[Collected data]

★ ★ ★ ★ ★

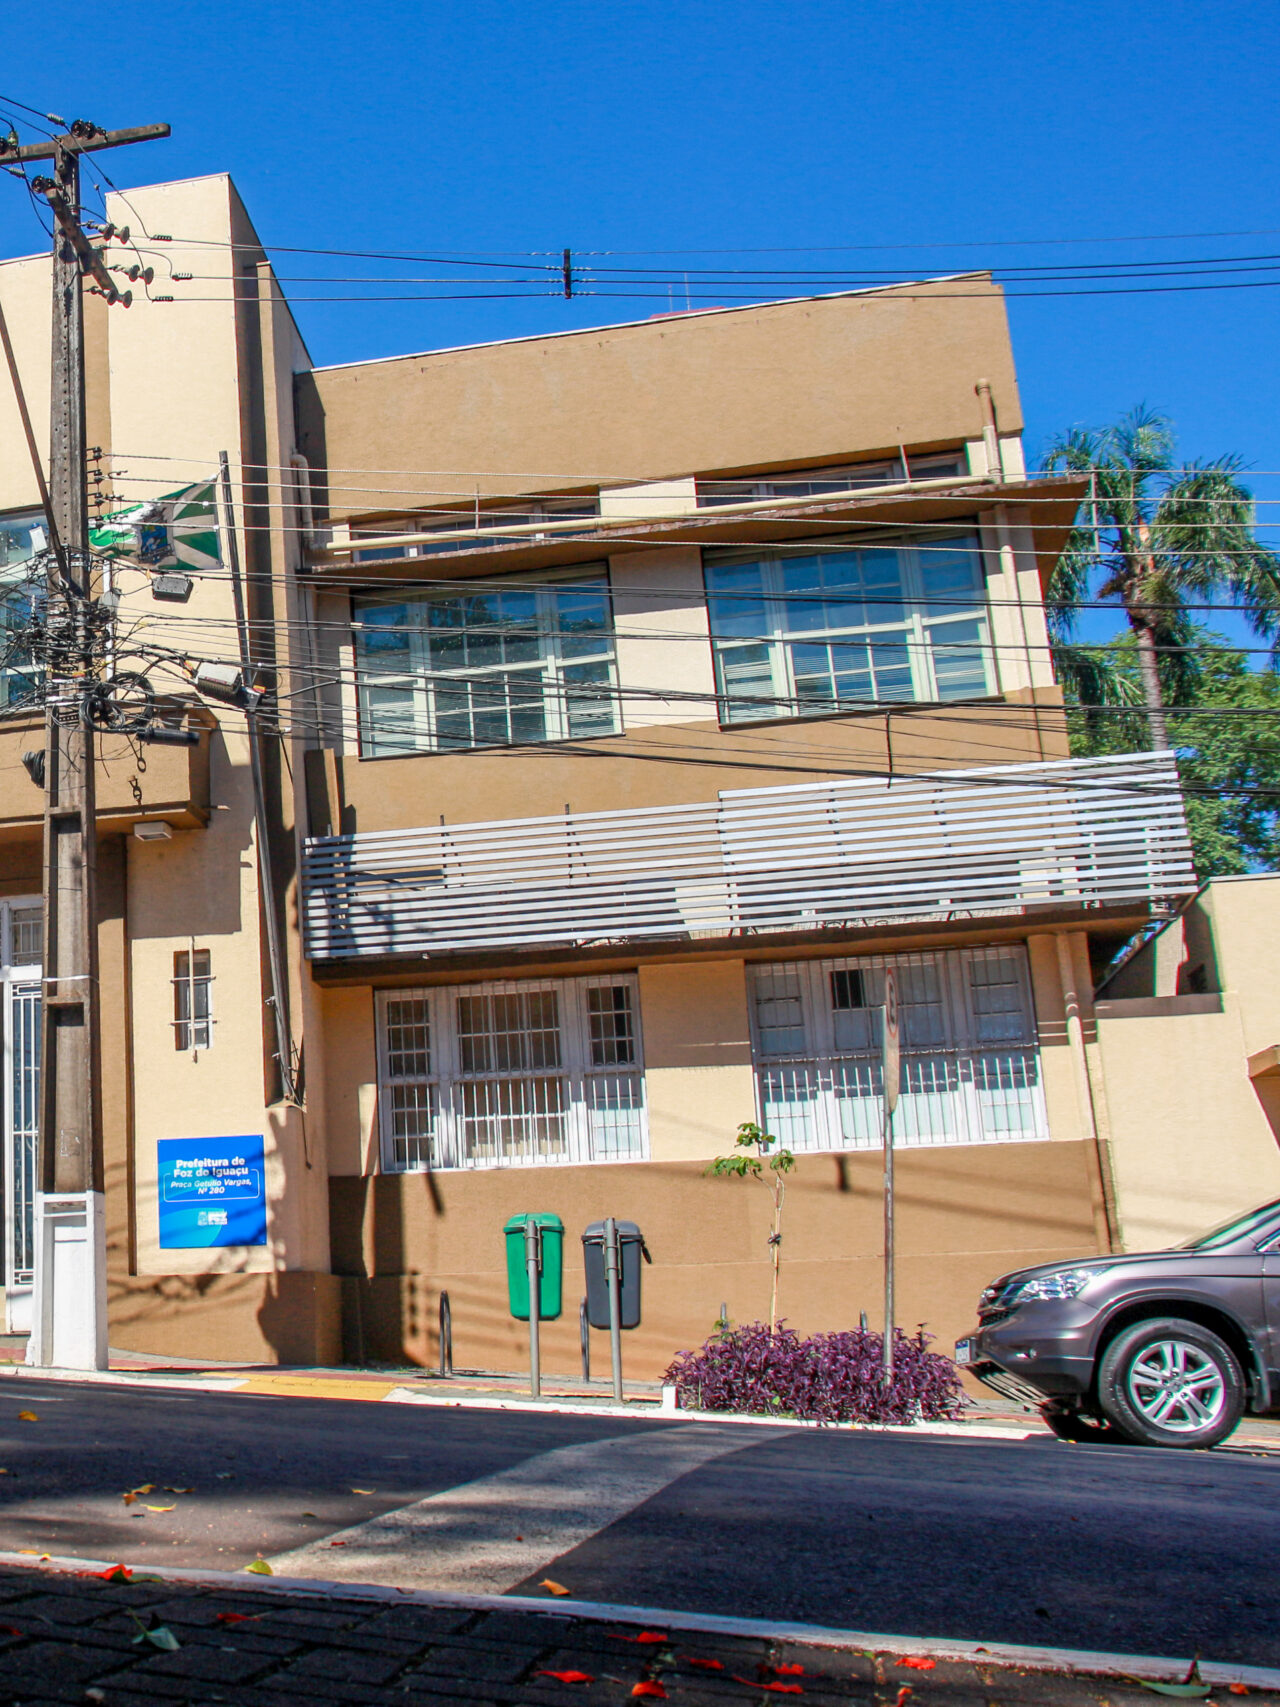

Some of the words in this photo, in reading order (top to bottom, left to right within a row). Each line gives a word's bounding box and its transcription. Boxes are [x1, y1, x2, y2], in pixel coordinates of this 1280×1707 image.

[176, 1158, 229, 1169] Prefeitura
[231, 1156, 246, 1166] de
[173, 1169, 193, 1178] Foz
[196, 1168, 210, 1177] do
[212, 1167, 249, 1177] Iguaçu
[170, 1181, 192, 1189] Praça
[224, 1178, 252, 1187] Vargas,
[208, 1186, 226, 1195] 280

★ ★ ★ ★ ★

- _Task description_: Reproduce every record word for word. The copy must contain no pictures.

- _Expected output_:
Some of the words in this photo, in reading order (top to bottom, left to right within a row). Each line gives a word's bounding box and its transcription. Boxes are [x1, y1, x2, y2], in pixel coordinates of this 1280×1707 image.

[176, 1158, 229, 1169] Prefeitura
[231, 1156, 246, 1166] de
[173, 1169, 193, 1178] Foz
[196, 1168, 210, 1177] do
[212, 1167, 249, 1177] Iguaçu
[170, 1181, 192, 1189] Praça
[224, 1178, 252, 1187] Vargas,
[208, 1186, 226, 1195] 280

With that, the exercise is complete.